My gobies (Eretmodus cyanostictus) and multies have bred for years in the same tanks. I've raised and sold 100s of fish of both species, with calvus in the same tank too. Even the 3/4" female multies will chase a 4" goby away from the shell bed. They dive bomb the hunting calvus as well. In general, calvus and comps will not harm fish much bigger than fry- and the multies are very aware of potential fry predators.

The biggest threat to calvus fry are the adult calvus- if you want to raise them, you'll have to remove fry once they are free swimming.


----------



## Jamey (Jul 19, 2008)

My multis have always been skittish... I've had a couple different tank mates in with them and they do fine with tank company but there's never any babies.
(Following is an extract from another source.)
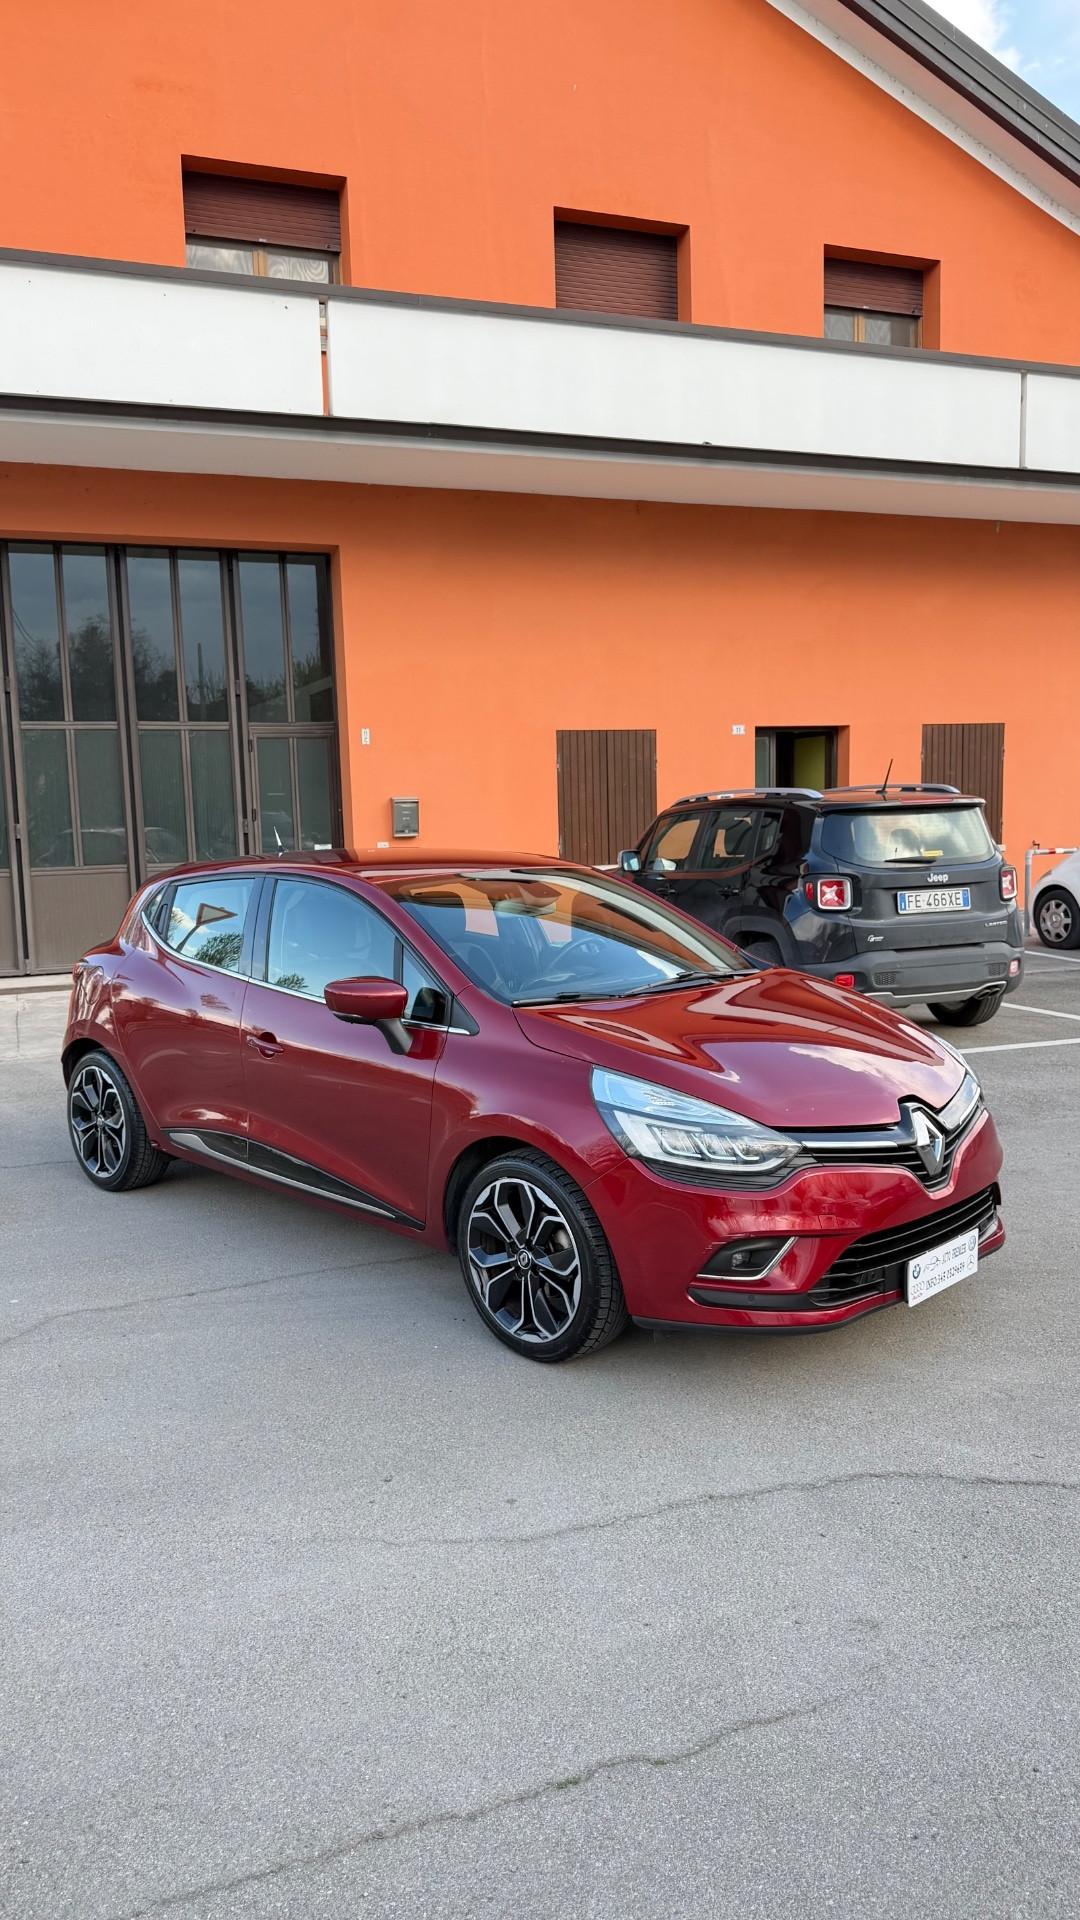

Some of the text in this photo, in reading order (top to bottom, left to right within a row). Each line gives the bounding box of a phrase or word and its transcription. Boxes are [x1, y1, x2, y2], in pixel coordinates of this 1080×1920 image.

As soon as I remove the cyps or whatever else is in there with them, bam, babies everywhere... maybe it's just mine... they certainly couldn't have more shells or sand to push around, and they do move some serious sand when they're feeling settled, but as he says, every fish and every group are a bit different. Never know what you're gonna get, just a general idea of how it's PROBABLY going to go...


----------



## Jamey (Jul 19, 2008)

as a testament to that, in with my Ventralis Chaitika I have one lone multi that I missed when I pulled the group out of that tank... she thinks she's a ventralis now, swims around with them, is even developing longer fins on the bottom with white streaks, I swear if it weren't for the stripes one of them would try to breed with her... they completely accept her into the group... and my wife has one single lone cyp in her south american tank that lives in a cave... seriously... a cave dwelling cyprichromis... (she insisted on taking him when I was going to give him away)... never know what could happen with fish!


----------



## Manoah Marton (Feb 17, 2009)

> as a testament to that, in with my Ventralis Chaitika I have one lone multi that I missed when I pulled the group out of that tank... she thinks she's a ventralis now, swims around with them, is even developing longer fins on the bottom with white streaks, I swear if it weren't for the stripes one of them would try to breed with her... they completely accept her into the group... and my wife has one single lone cyp in her south american tank that lives in a cave... seriously... a cave dwelling cyprichromis... (she insisted on taking him when I was going to give him away)... never know what could happen with fish!


 :lol:

Hey, you could get a new strain of multies going! And doesn't everyone want their cyps to hide all day in caves?


----------



## 24Tropheus (Jun 21, 2006)

Pair Altolamps, multies and a single gobie. To be honest I would go Tanganicodus because its feeding fits better with the others would be something I would try in this size tank. Some male Eretmodus can grow to 9cm+ and cause a bit of bother at that size in small tanks.
Trying to think of the best order to add them. Prob is as each gets settled then they could dom new additions or in case of the gobie cichlid just drive em to destraction. Best chance of success would be to add em all at the same time I think. Big shells for the Altolamps one end (best if it is a preformed breeding pair as you have not much room for getting 6 to get a compatable pair from young ones) small shells for the multies some distance away (about 5 or six young unsexed I would try or one preformed breeding pair) and the gobie (Tanganicodus) with a small tower of holy or in the UK we call it Ocean Rock.

Funny you would be mixing three Lake Tang biotypes in just 36" of length but I think it could work.
For sure the Altolamps would prey on the multie young and their own but then its a community tank not a breeding tank. You should if you want be able to syphon a few young into another tank if you want to raise a reasonable number.

Safest and best breeding would be a multie tank *or* a Altolamp tank but then that is not what the original poster seems to want.

All the best James


----------



## Louie13 (Jun 2, 2010)

Thanks for the input guys. Alot to ponder


----------



## Manoah Marton (Feb 17, 2009)

> Pair Altolamps, multies and a single gobie.


I think this would work. I have a 20GL with a calvus pair, as well as a small colony of similis, and since your tank is a little larger, I think a gobie would do fine!
Good luck with the new setup!

Manoah Marton


----------